Appeal from the Superior Court of the District of Columbia. (CA-01-2004). (Hon. Zoe Bush, Trial Judge).
Before Farrell, Ruiz and Glickman, Associate Judges.
The opinion of the court was delivered by: Ruiz, Associate Judge
This case arises out of a partnership derivative action filed by appellee, Erik B. Wulff, alleging that appellants, Colin Halpern, Gail Halpern, Woodland Limited Partnership, Woodland Group Corporation, and H.S. Real Company, LLC ("Woodland" or "appellants"), engaged in various improper actions as fiduciaries of Woodland Limited Partnership. Appellants counterclaimed arguing that the one percent interest in Woodland that Wulff claims gives him standing to bring the derivative action was actually owned by his former law firm, Reed Smith LLP, and that the law firm had assigned its ownership interest back to appellants. Appellants filed a claim for arbitration pursuant to the terms of the law firm's partnership agreement with Wulff to determine whether Wulff or the law firm owns the one percent interest in Woodland. The trial court granted Wulff's emergency motion to stay the arbitration proceedings after concluding that Reed Smith's assignment of the interest to appellants had not transferred the right to arbitrate the ownership dispute with appellee pursuant to the law firm's partnership agreement with him.
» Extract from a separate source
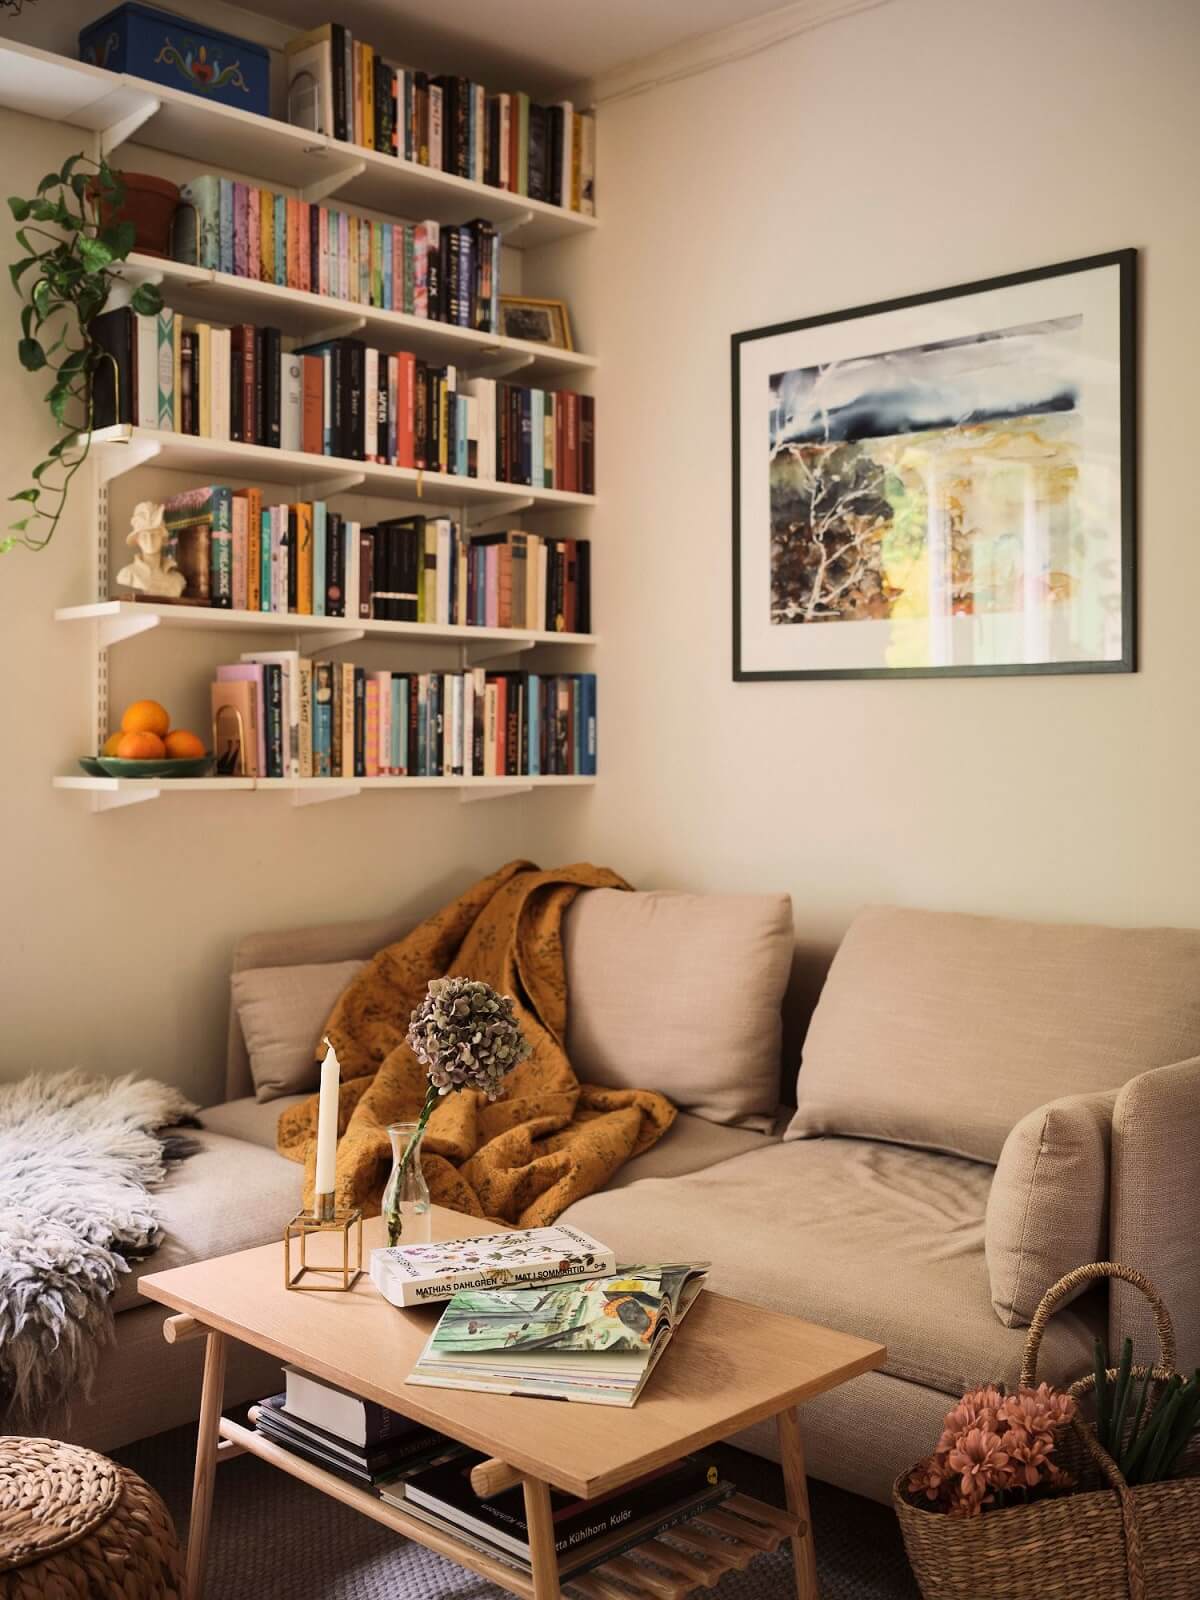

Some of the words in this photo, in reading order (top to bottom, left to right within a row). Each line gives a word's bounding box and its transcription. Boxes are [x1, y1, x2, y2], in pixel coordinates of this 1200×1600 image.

Appellants assert that, as assignees of Reed Smith, they succeeded to the law firm's right to arbitrate Wulff's claim of ownership. Because Wulff no longer contests that the right to arbitrate transferred along with the assignment of the ownership interest,*fn1 the trial court's grant of Wulff's motion to stay arbitration proceedings cannot be sustained as it is premised on the view that appellants did not succeed to the law firm's right to arbitrate under the law firm's partnership agreement. Wulff had argued an alternative ground for denying arbitration -- that appellants have waived their right to arbitration by actively participating in the litigation -- which the trial court did not consider. We now hold that the question of waiver should be decided by the arbitrator. We therefore reverse the trial court's order and remand the case so that Wulff's waiver argument can be addressed by the arbitrator.
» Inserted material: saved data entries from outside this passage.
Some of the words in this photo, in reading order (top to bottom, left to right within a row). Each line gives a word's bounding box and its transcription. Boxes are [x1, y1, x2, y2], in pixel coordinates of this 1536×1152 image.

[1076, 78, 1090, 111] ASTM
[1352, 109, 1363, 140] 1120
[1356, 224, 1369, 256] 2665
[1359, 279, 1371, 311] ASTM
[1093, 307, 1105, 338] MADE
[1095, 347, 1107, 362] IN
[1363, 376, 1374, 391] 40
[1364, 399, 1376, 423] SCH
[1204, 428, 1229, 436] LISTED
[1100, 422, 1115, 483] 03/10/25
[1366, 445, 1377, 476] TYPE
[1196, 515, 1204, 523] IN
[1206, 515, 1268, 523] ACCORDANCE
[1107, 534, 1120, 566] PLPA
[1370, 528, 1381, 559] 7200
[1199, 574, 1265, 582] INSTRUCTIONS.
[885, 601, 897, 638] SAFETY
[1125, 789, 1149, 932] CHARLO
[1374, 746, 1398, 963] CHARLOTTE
In 1993, the law firm of Reed Smith LLP ("Reed Smith") was retained as legal counsel for the formation and development of Woodland Limited Partnership and in connection with the acquisition of the franchise rights for Domino's Pizza in the United Kingdom. Wulff, who was then a partner at Reed Smith, supervised the law firm's work for Woodland. In December of 1993, he received a one percent ownership interest in Woodland Limited Partnership. It is undisputed that Wulff did not pay for the Woodland interest. Wulff asserts that the ownership interest was a gift; appellants contend, however, that he received the one percent ownership interest as compensation for legal services provided to Woodland by the law firm. According to Reed Smith, Wulff did not disclose his receipt of the one percent interest, and the law firm did not learn about it until December of 2001. Wulff counters that an associate at Reid Smith at the time (now a partner), was present when his father (one of the appellants) conveyed the one percent ownership interest to Wulff. As a result, Wulff contends, the firm had knowledge of the conveyance and impliedly approved.
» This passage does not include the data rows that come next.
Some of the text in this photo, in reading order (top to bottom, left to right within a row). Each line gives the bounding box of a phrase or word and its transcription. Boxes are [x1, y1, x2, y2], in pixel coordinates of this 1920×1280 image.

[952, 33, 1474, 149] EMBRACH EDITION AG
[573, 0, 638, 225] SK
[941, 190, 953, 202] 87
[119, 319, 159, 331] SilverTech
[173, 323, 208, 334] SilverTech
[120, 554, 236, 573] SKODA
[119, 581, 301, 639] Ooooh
On March 13, 2001, Wulff filed a derivative action alleging that appellants wrongfully took assets from Woodland Limited Partnership, the entity in which Wulff claims to own a one percent interest. Through discovery, appellants became aware of the partnership agreement between Wulff and Reed Smith, which provides that all compensation and remuneration for legal services or any other business activity is not the property of the individual partner but of Reed Smith. The agreement also provides that:
Any disagreement or dispute between one or more Partners, former Partners, Estates or successors on the one hand and the Partnership on the other, arising under or related to any provision of this Agreement or any aspect of the business, properties and affairs of the Partnership or of the rights, duties, or obligations or liabilities of any of the foregoing persons shall be submitted to final and binding arbitration, pursuant to the rules then in effect of the American Arbitration Association . . . .
Based on this partnership agreement, appellants filed an answer in the derivative action and counterclaimed for a declaratory judgment that Wulff is not the owner of the one percent interest and therefore lacks standing to bring the derivative action. On December 31, 2001, Reed Smith sent a letter to appellants disclaiming any ownership interest it may have in the one percent interest in Woodland Limited Partnership and tendering it to that Partnership.*fn2 On August 23, 2002, appellants Colin Halpern, Gail Halpern and Woodland Limited Partnership filed a demand for arbitration with the American Arbitration Association seeking resolution of the dispute with Wulff and Reed Smith "regarding ownership of a 1% ownership interest in Woodland Limited Partnership." A corresponding motion to stay proceedings in the derivative action pending arbitration was filed in Superior Court on August 27, 2002. The trial court initially granted the stay on November 26, 2002. Wulff contested the arbitrability of the issue of ownership as between Woodland and himself, however, arguing that Woodland was not a party to the law firm's partnership agreement, and that, although Reed Smith assigned the one percent interest to Woodland, that assignment did not include the agreement to arbitrate contained in the partnership agreement. The trial court reversed itself when, on March 10, 2003, it granted Wulff's emergency motion to stay the arbitration after determining that Woodland's claim of ownership was not arbitrable because there was no evidence that Reed Smith had assigned its arbitration rights to appellants. Appellants filed a timely notice of appeal from the trial court's order staying the arbitration proceedings. See Umana v. Swidler & Berlin, 669 A.2d 717, 723 (D.C. 1995) (noting that interlocutory orders denying arbitration are immediately appealable under D.C. Code § 16-4317 (a) (1989)).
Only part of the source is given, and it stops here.